Both substrates and surfaces allowed proliferation and maintenance of viable cells, similarly, throughout the experiment (21 days). The HA-coated surfaces, regardless the substrates, showed a tendency to lower cellular amount at 3 days, but with rapid proliferation after this period, matching the other groups in later periods.

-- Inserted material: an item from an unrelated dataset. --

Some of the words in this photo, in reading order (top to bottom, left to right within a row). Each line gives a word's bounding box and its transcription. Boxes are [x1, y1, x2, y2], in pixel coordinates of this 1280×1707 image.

The influence of the proposed surface modification on the gene expression of cells was demonstrated by real-time PCR analysis. Although no statistically significant difference was found between the groups, the average expression results suggest that P surfaces had a greater influence on the expression of the ALP gene, the RUNX2 transcription factor and the BGLAP gene mRNA at 7 days of cell culture, which may be related to a larger number of cells in these groups in the initial periods. The gene encoding alkaline phosphatase enzyme is essential during the stages of mineralization performed by osteoblastic cells, as an indication of calcification and differentiation, as RUNX2 expression increases during cell differentiation, validating its involvement in osteoblast maturation [57, 58]. However, at 14 days, these levels decreased for all groups. Oliveira et al. [41] showed in laser-treated Ti-15Mo alloy disks, that the expressions of RUNX2, ALPL and SPP1 remained unchanged compared to the cpTi polished disks.

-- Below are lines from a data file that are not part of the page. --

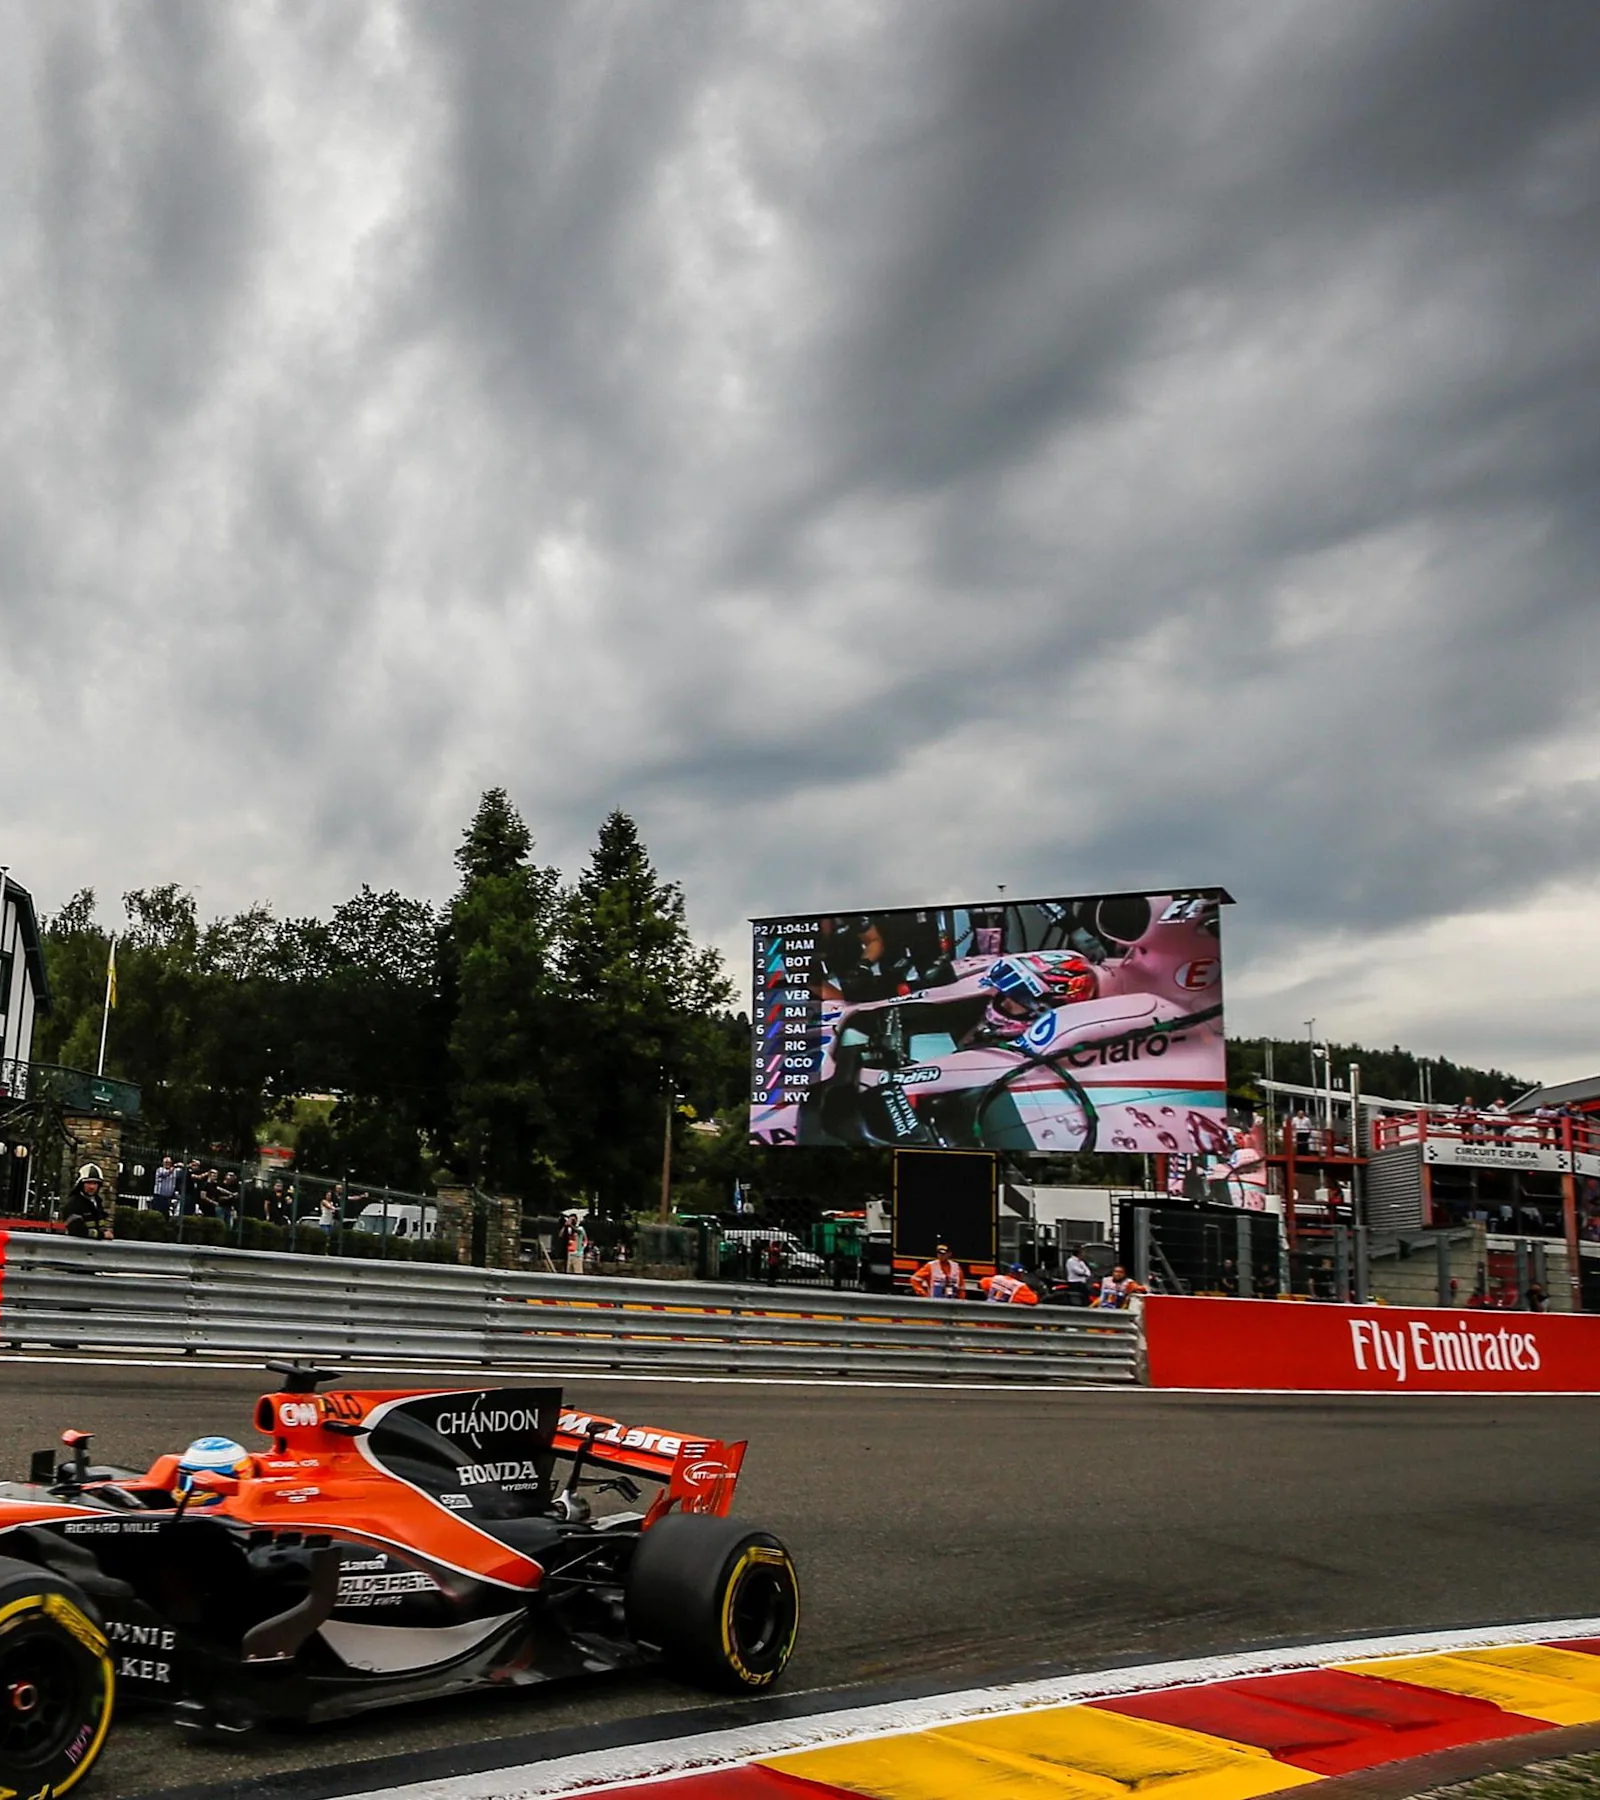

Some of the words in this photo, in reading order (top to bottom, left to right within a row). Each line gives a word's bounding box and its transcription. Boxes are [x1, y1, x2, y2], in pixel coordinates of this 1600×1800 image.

[757, 942, 765, 952] 1
[785, 940, 815, 950] HAM
[756, 959, 766, 969] 2
[785, 956, 812, 967] BOT
[756, 975, 766, 985] 3
[784, 973, 810, 984] VET
[755, 992, 765, 1001] 4
[784, 990, 810, 1000] VER
[756, 1008, 765, 1018] 5
[784, 1007, 806, 1017] RAI
[756, 1025, 765, 1035] 6
[784, 1024, 806, 1034] SAI
[756, 1041, 765, 1051] 7
[784, 1041, 807, 1051] RIC
[755, 1058, 765, 1068] 8
[784, 1058, 813, 1068] OCO
[755, 1075, 764, 1085] 9
[784, 1075, 809, 1085] PER
[752, 1092, 767, 1102] 10
[784, 1092, 810, 1102] KVY
[1455, 1147, 1496, 1156] CIRCUIT
[1500, 1150, 1514, 1158] DE
[1349, 1320, 1407, 1382] Fly
[1408, 1320, 1541, 1371] Emirates
[436, 1409, 539, 1434] CHANDON
[456, 1461, 539, 1486] HONDA
[65, 1523, 120, 1533] RICHARD
[122, 1523, 160, 1533] MILLE

Cells grown on roughened surfaces tend to exhibit greater osteoblastic differentiation compared to those grown on smoothed surfaces, fewer cells and usually increased alkaline phosphatase activity [59]. The ALP activities on day 10 were higher than day 14, with a statistical difference in the Ti-15Mo alloy between P and LCP (p < 0.05) probably due to the lower proliferation of the LCP group, compared to the P surface, in the initial periods, as observed in the cell viability and proliferation tests.

The complex 3D morphology of the laser irradiated, and HA-coated surface may have impaired the proper analysis and adequate interpretation of the images regarding cellular morphology by the bi-dimensional fluorescence analysis. Additional three-dimensional analysis needs to be performed in the future to confirm proliferation results from the AlamarBlue® assay. Also in vivo studies are needed to evaluate the bone response to this new Ti alloy with laser-beam surface modification and biomimetic HA deposition for biomedical applications.

From a clinical perspective, the use of titanium alloys with low Young’s modulus, composed of biocompatible and nontoxic elements, such as Ti-15Mo alloy, might represent an important alternative to cpTi and Ti-6Al-4Va alloy for the manufacture of dental implants. In addition, laser-beam surface modification followed by calcium phosphate of biological interest deposition have shown to be promising and economically feasible and may improve and accelerate the osseointegration process of dental implants reducing the overall treatment time.

5 Conclusions

The laser parameters employed associated with the biomimetic deposition of HA created a unique 3D surface that proved to be a controllable, reproducible and a clean method to modify cpTi and Ti-15Mo alloy surfaces. Comparing the biological mechanism of the interaction of osteoblast-like cells with the employed surfaces, it can be concluded that the Ti-15Mo alloy does not interfere in the behavior of these cells and showed similar behavior to Ti groups.